I’ve known a ton of you so-called ‘self-made’ assholes in my life and you’re all–or mostly all–the same. You want the power and the privileges that money brings with it: you want to buy cars most of us can’t afford and park them where we aren’t allowed to park because you think this makes you ‘special’; you want to buy a bigger house than most of us can afford–preferably on a hill so you can look down on us–and waste a ton of electricity with floodlights and sound alarms and a dozen lamps lining your walk so you don’t get a few drops of evening dew on your $500 Oscar Rudolpho loafers because you think this makes you ‘better’. So let’s not pretend you were busily following some noble calling all that time. You were making money, period, and you let your family hang while you did it. That doesn’t make you the devil but it sure as hell don’t make you a saint.

And while we’re about it, let’s have no more sniveling about what an ‘easy target’ you are. You haven’t seen ‘easy targets’ until you’ve seen a rich man verbally abusing his maid because she put out the wrong shirt or a passel of right-wing Congressmen descending on ‘welfare moms’ because they can’t feed their kids on $100 a month.

My sin is that I am in the financial top 10 percent of the country – those making $100,000 or more – the 35 percent tax bracket, a member of the so-called rich. So it is much easier to paint a picture of me with black heart and ice in my veins, cake crumbs all about, as I grow fat on the backs of the downtrodden.

Yeah, especially easy after a letter like this. You went a long way toward proving what a loving, tolerant heart you have with this thing, kid. Maybe you’re so po’d at the description because it hit too close to home, hmmm?

However, I feel no need to defend my position.

No? Then why did you write this column? Sure sounds defensive to me.

Over the years I have worked hard and earned every dollar of the obscene wealth I am accused of hoarding.

Right. All by yourself. Nobody helped you? Then how the hell did you manage college on only two minimum-wage jobs? Can’t be done, pal. Pell Grant pick up some of the slack, did it? You know, the govt program you ‘rich’ think is a waste of money and are trying to eliminate? Get a little financial aid? Housing allowance, book allowance, that sort of thing? Maybe a break on your tuition? So who do you think paid all that money for you, Larry? Think it appeared out of thin air, do yah? It was taxes, Larry, those monetary paybacks that one generation offers the next. But you got yours, so screw everybody who comes after you?

Larry, babe, I’m tryin’ not to see you as an ogre but you’re makin’ it awful hard.

What is different about my life and how I came to be here compared with those liberals so willing and anxious to separate me from my compensation?
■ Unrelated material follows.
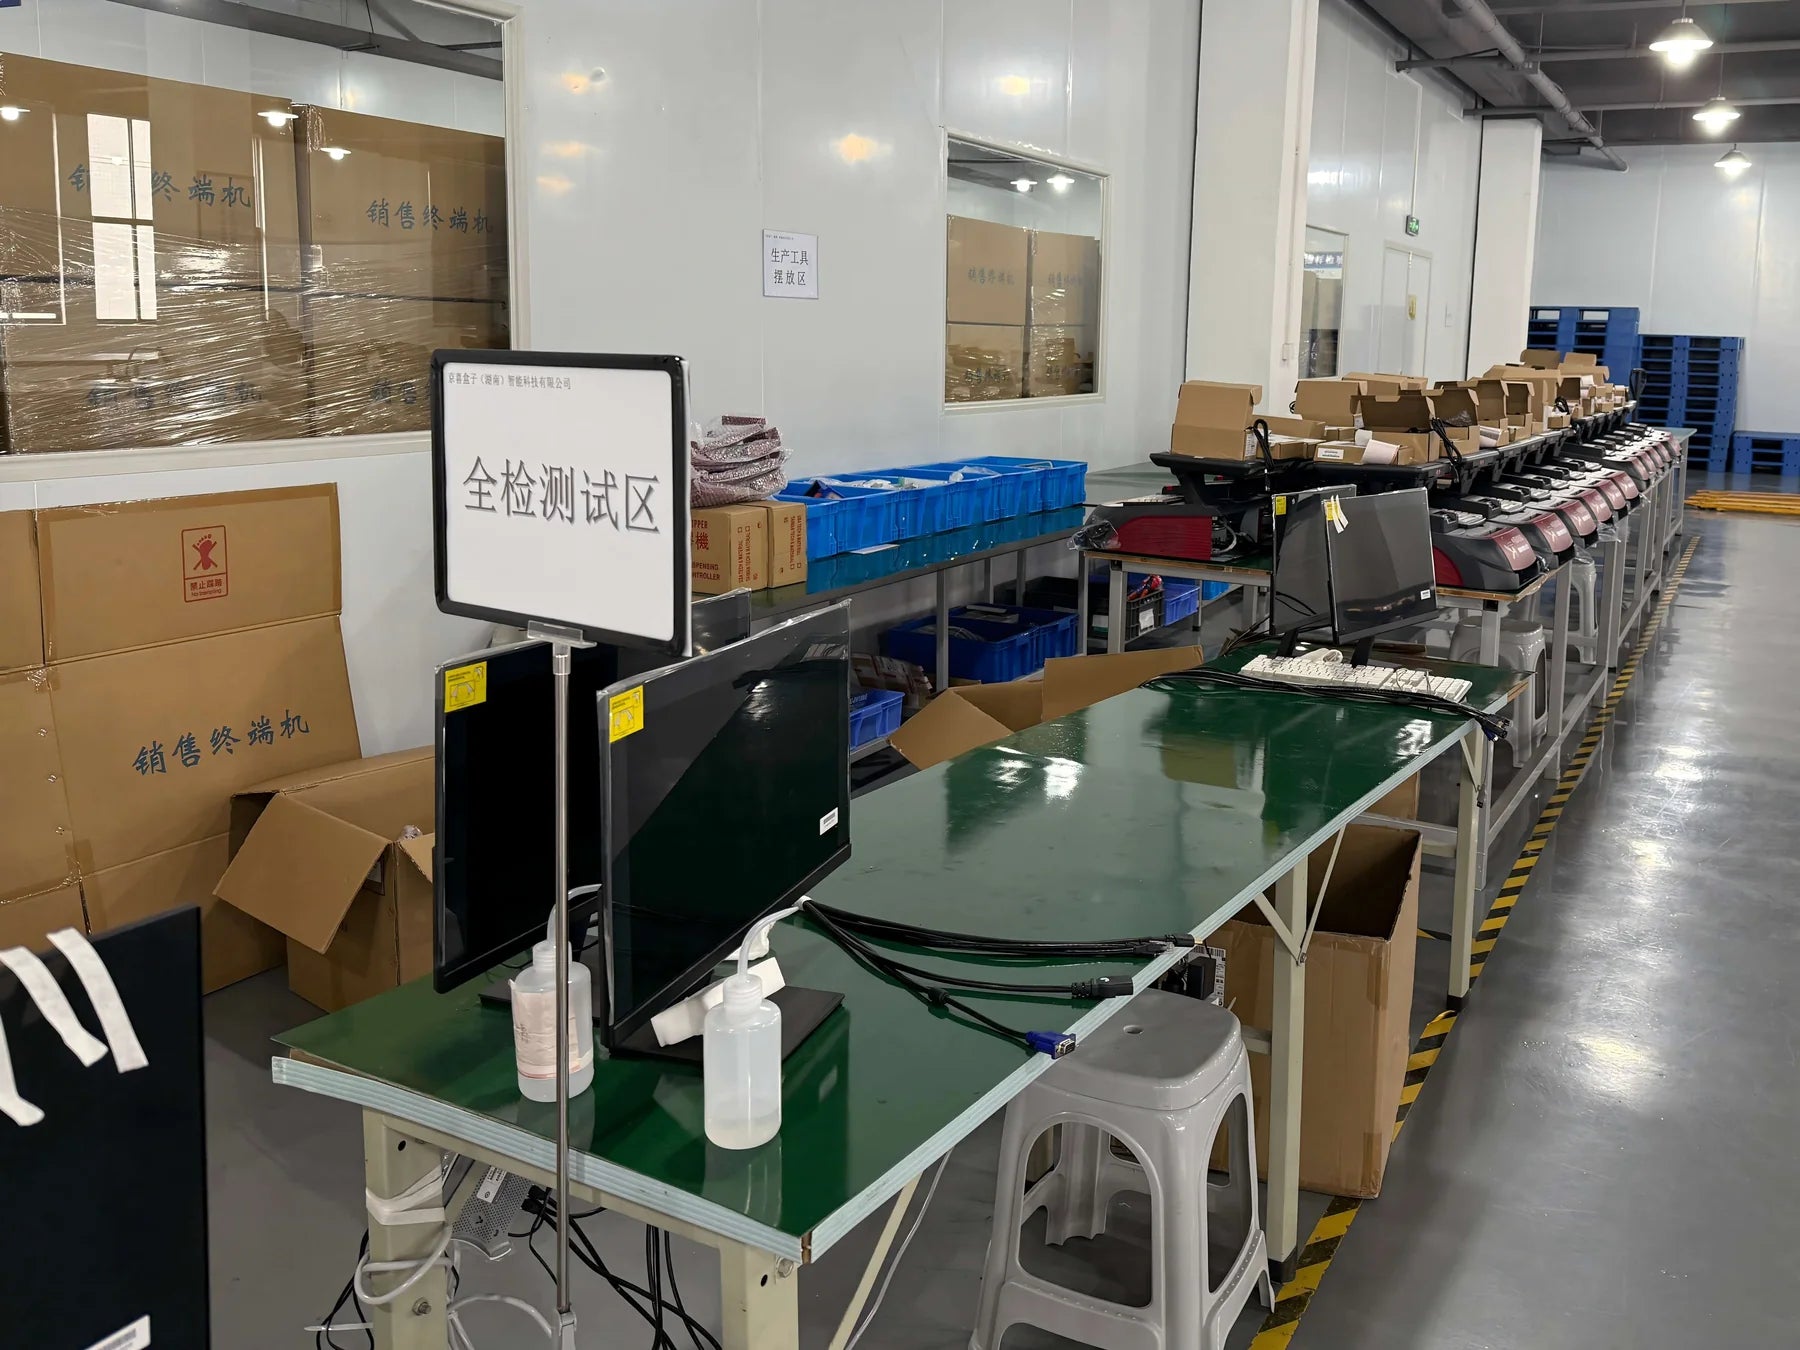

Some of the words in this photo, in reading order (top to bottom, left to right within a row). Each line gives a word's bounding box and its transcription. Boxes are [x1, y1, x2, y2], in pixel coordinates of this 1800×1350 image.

You conservatives just don’t get it, do you? Everything is about you. We’re trying to save lives here and all you can think about is that one of those lives may cost you a few pennies of your precious ‘compensation’, like we deliberately starved these people just to give us an excuse to take your money. Well, I hate to break it to you, kid, but everything isn’t always about you. Sometimes it’s about *gasp!* somebody else. I know, I know, how dare we? As everyone should know by now, you are the center of the universe and everything revolves around you. The ‘social contract’ is no business of yours, except of course when it provides you with something you want. Otherwise, it’s an albatross around your neck. That extra $1000 you might have to pay every year as your share of fixing leaky roofs of schools so kids don’t have to try to learn while they’re up to their knees in cold water could be going for something really important, like a new gold shift knob for your Mercedes.

I worked two jobs to put myself through college.

Only two? You got off easy. How many years did it take?

While many my age were off to sporting events or dating or cooling off at swim parties on muggy August nights, I was working in a sweltering factory, assembling bicycles until 2 in the morning.

Poor baby! You actually had to work for a couple of years. Terrible. So now you want us to pay for the indignity you suffered, is that it? Excuse me, but if you were working on an assembly line, you weren’t working alone. Did you happen to notice any of the people (yes, I said ‘people’, not ‘welfare bums’ or ‘lazy animals’) working next to you? The people who did that awful job day-in and day-out, year after year, not just summers but winters and springs and falls? Did they dent your self-protective shell at all? I mean, they weren’t ‘cooling off at swim parties’, Larry, they were right there with you, sweating as much as you were, night after night. What did they ever do to you to earn such contempt except work alongside you without the benefit of being able to go to college?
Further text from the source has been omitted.